Stitching Oranges

Here is how an orange and child are alike:

They both have skin and flesh.
They both have convex surfaces.
They can both be cut pretty badly.
They can both be stitched up.

Here is how they differ:

Oranges do not scream or wiggle.
Oranges do not bleed bright red blood.
I do not have an emotional attachment to an orange.
If I fail to stitch up the orange correctly, there are no long-term consequences.

Stitching Oranges

Jay and I just finished a two-day marine medicine seminar which covered most of the first aid skills we will need if (when) mishaps happen aboard our boat when out at sea. We should be able to take care of pretty much anything—with the right tools, knowledge of how to use them, and someone on the other end of the satellite phone telling us what to do next!

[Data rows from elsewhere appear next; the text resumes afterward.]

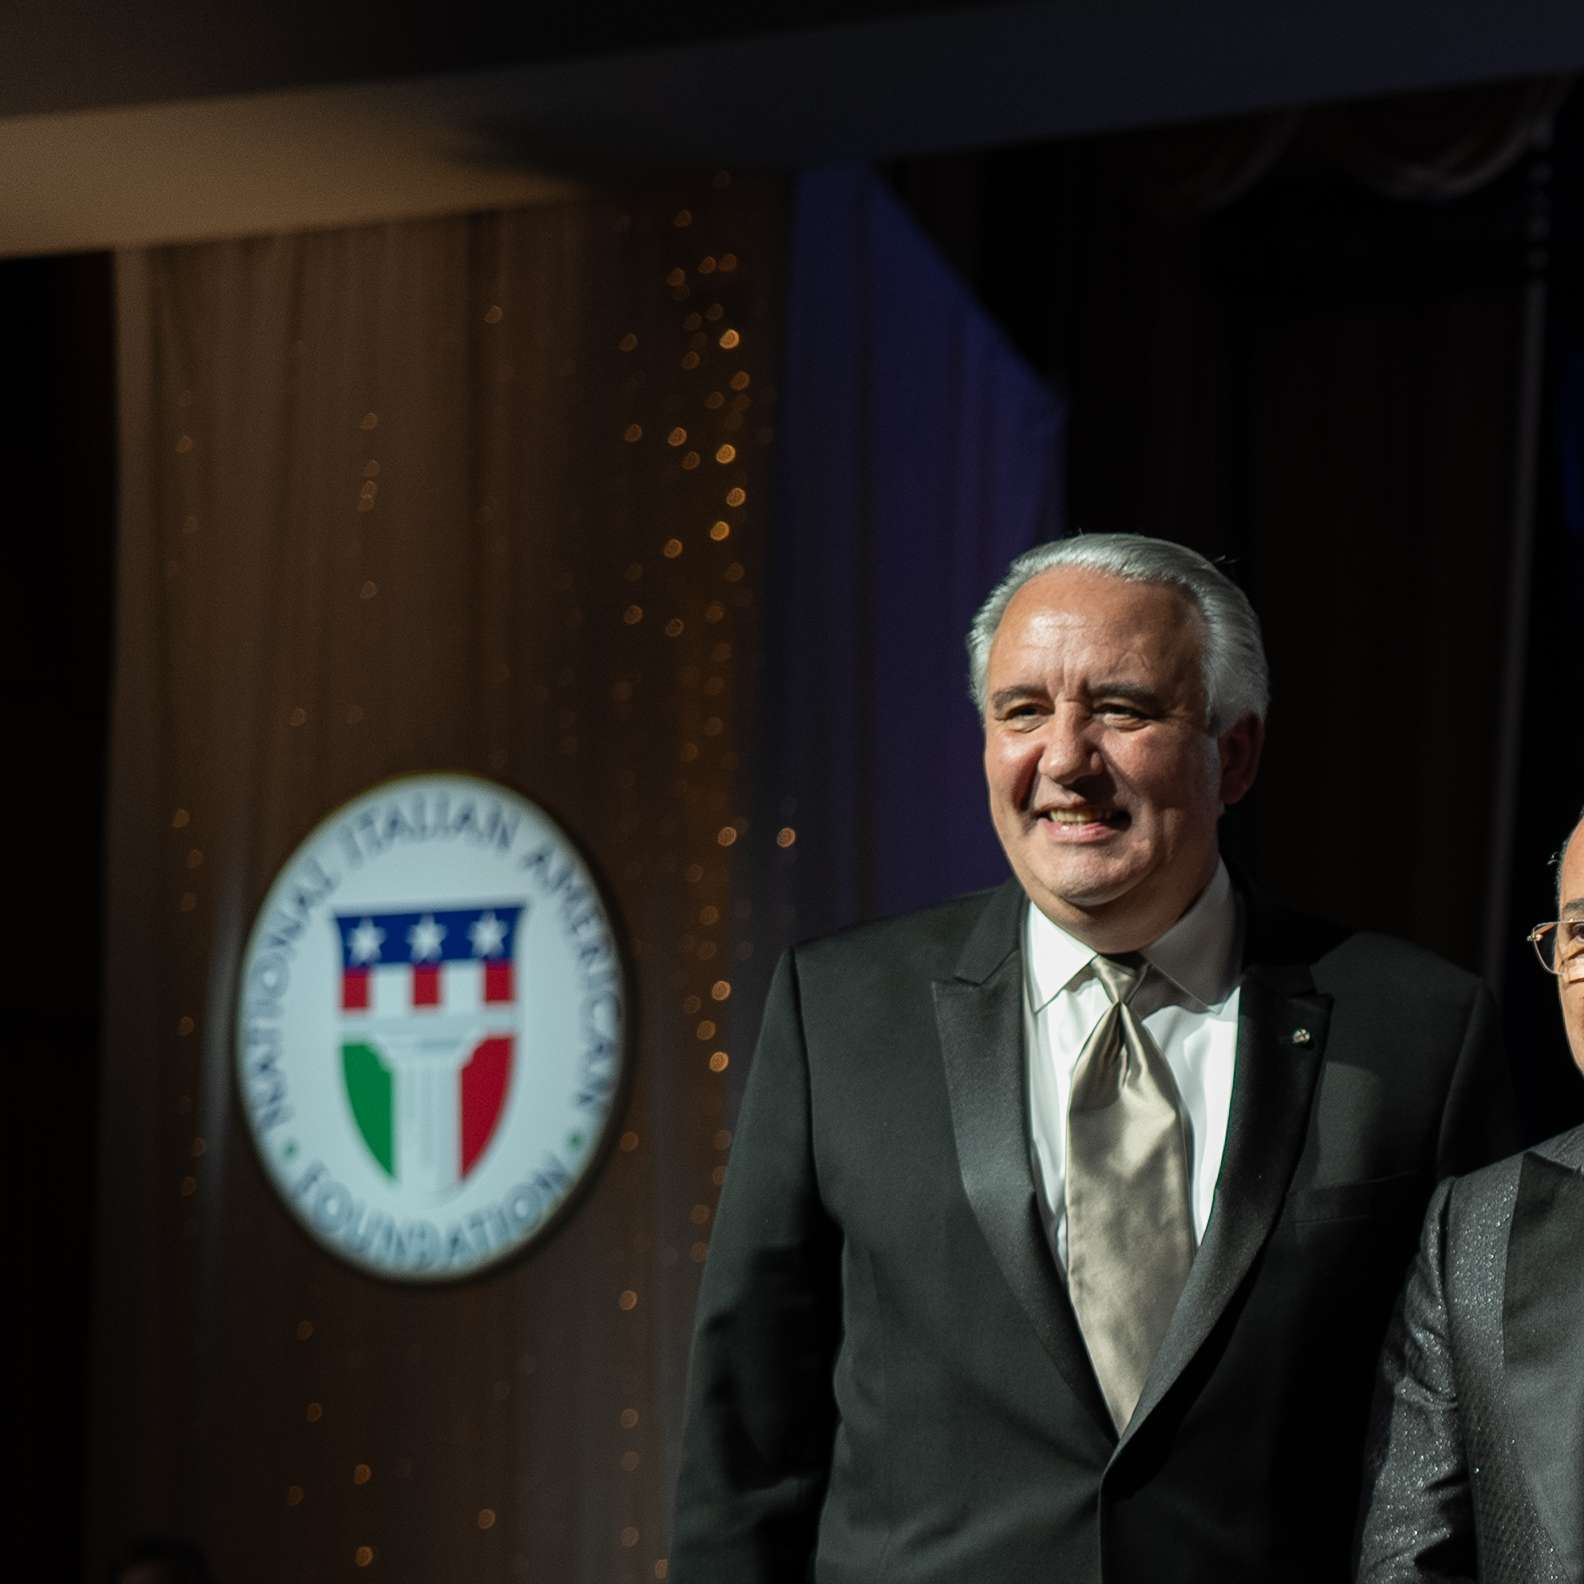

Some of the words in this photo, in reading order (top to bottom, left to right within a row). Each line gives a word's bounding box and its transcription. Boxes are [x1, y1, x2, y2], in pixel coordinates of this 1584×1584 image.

[245, 857, 338, 1131] NATIONAL
[337, 793, 519, 868] ITALIAN
[524, 844, 618, 1108] AMERICAN
[302, 1153, 570, 1272] FOUNDATION
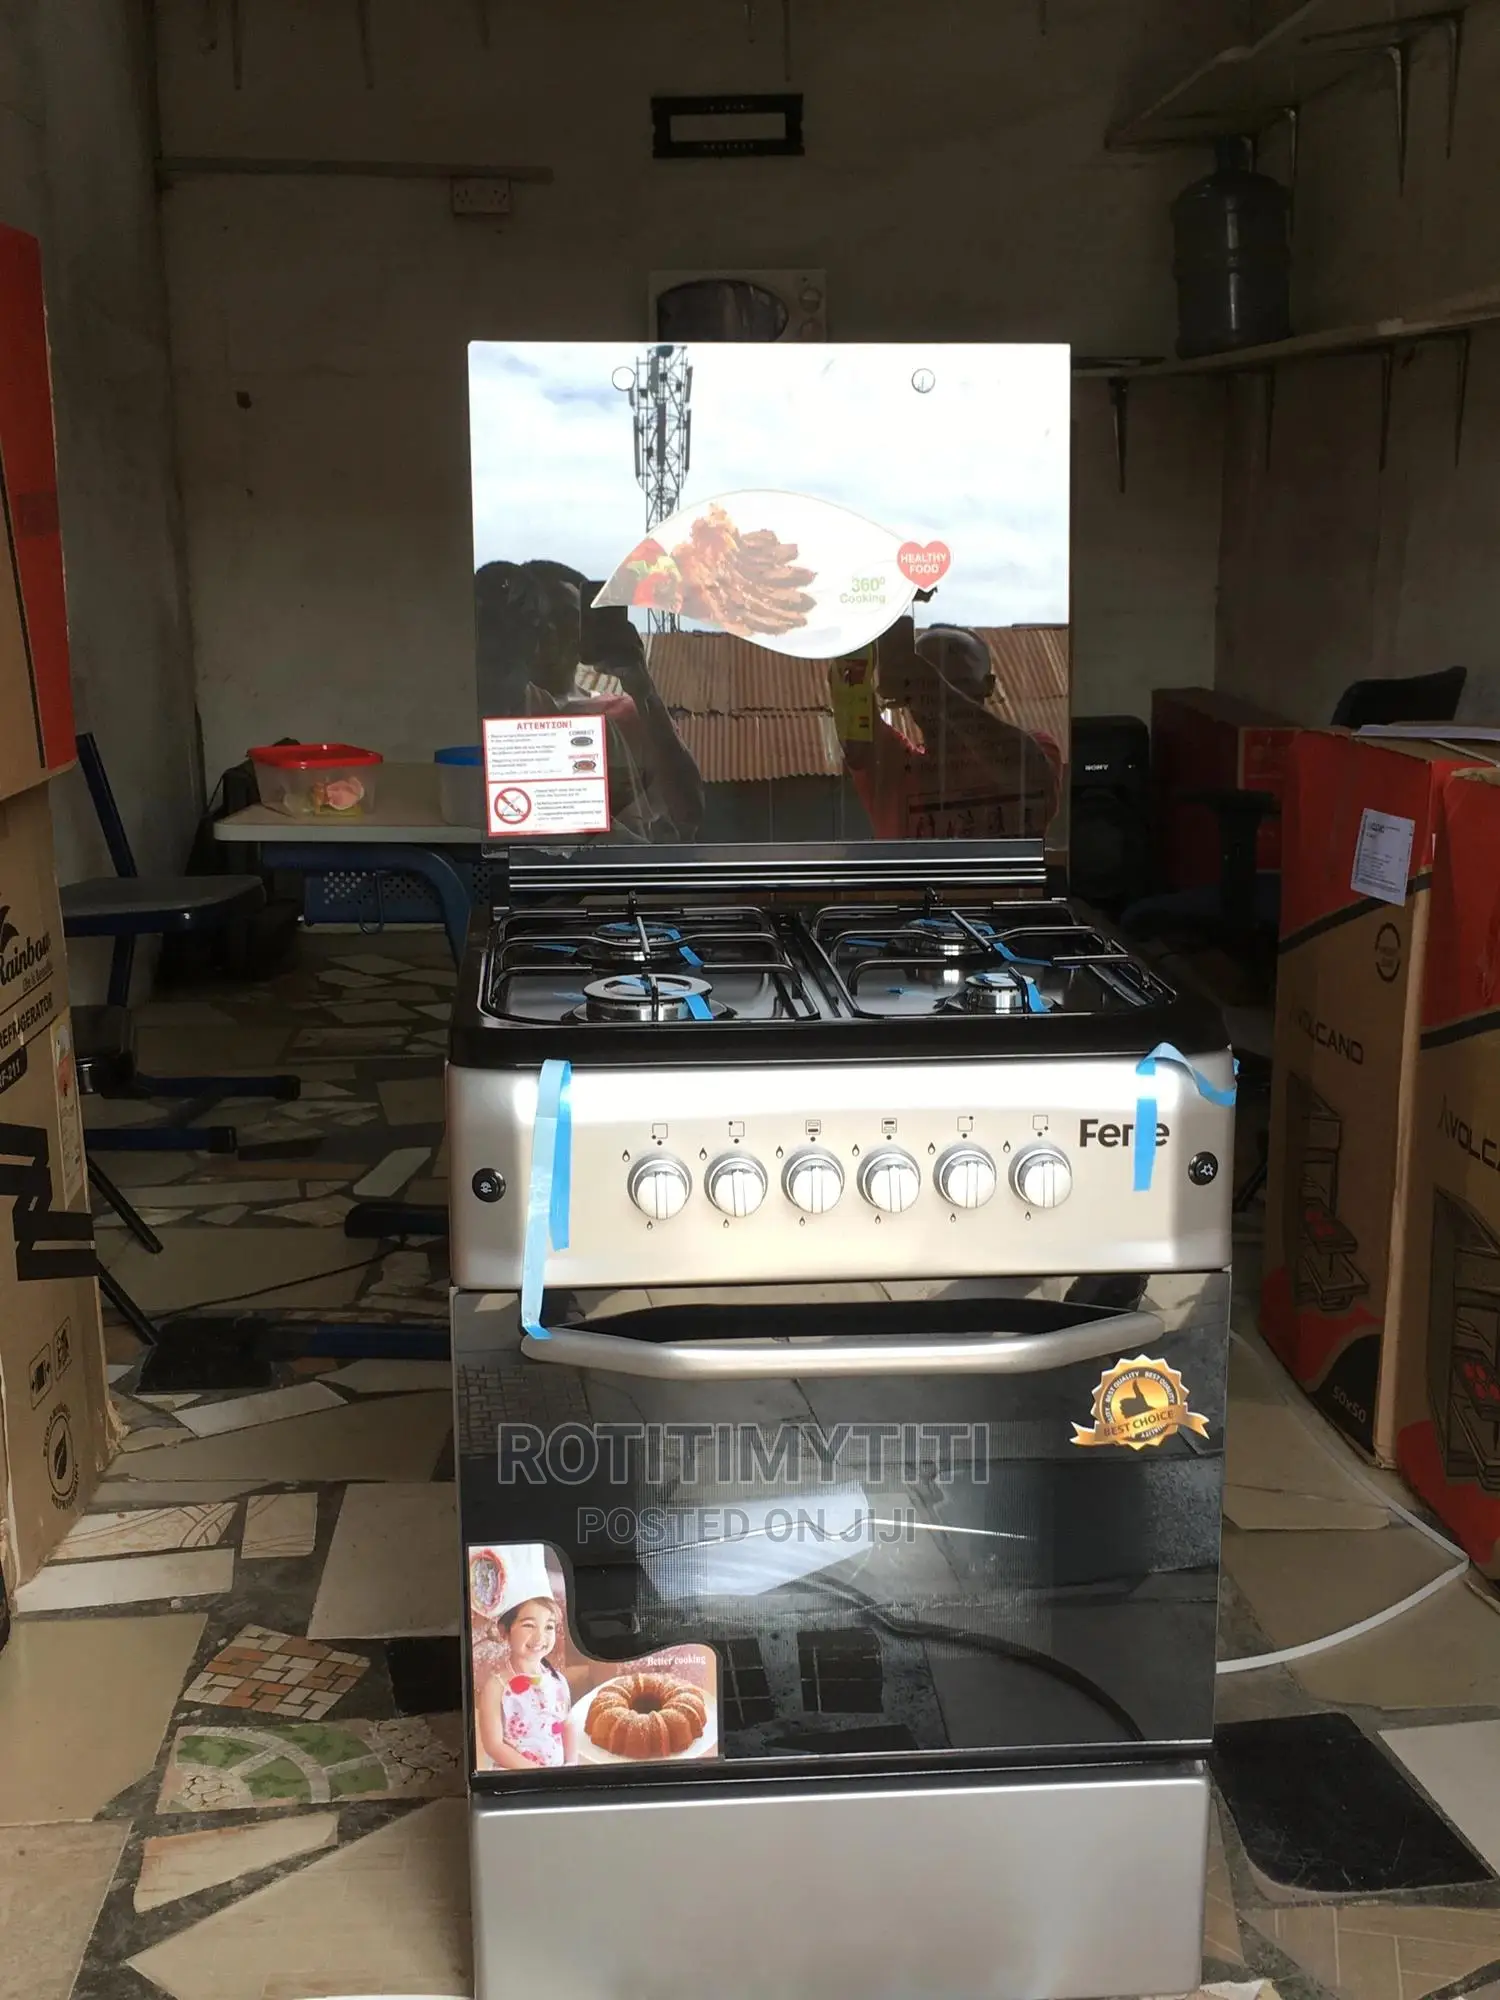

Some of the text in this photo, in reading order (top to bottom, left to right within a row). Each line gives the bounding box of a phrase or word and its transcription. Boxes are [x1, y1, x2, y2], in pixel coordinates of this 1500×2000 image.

It should be reassuring to our parents (our children’s grandparents) that we are trying to round out our sailing education with classes teaching us how to deal with medical emergencies. I can tell you, though, that thinking about all the things that could happen is not very reassuring to me!

Incidentally, at the end of the orange rind experience, I came to the conclusion that stitches are a last resort—skin glue and medical staples are the way to go for a laceration!  A special thanks to Jeff Hazzard of Medi-Test and a fellow cruiser in SSCA for a great weekend of learning.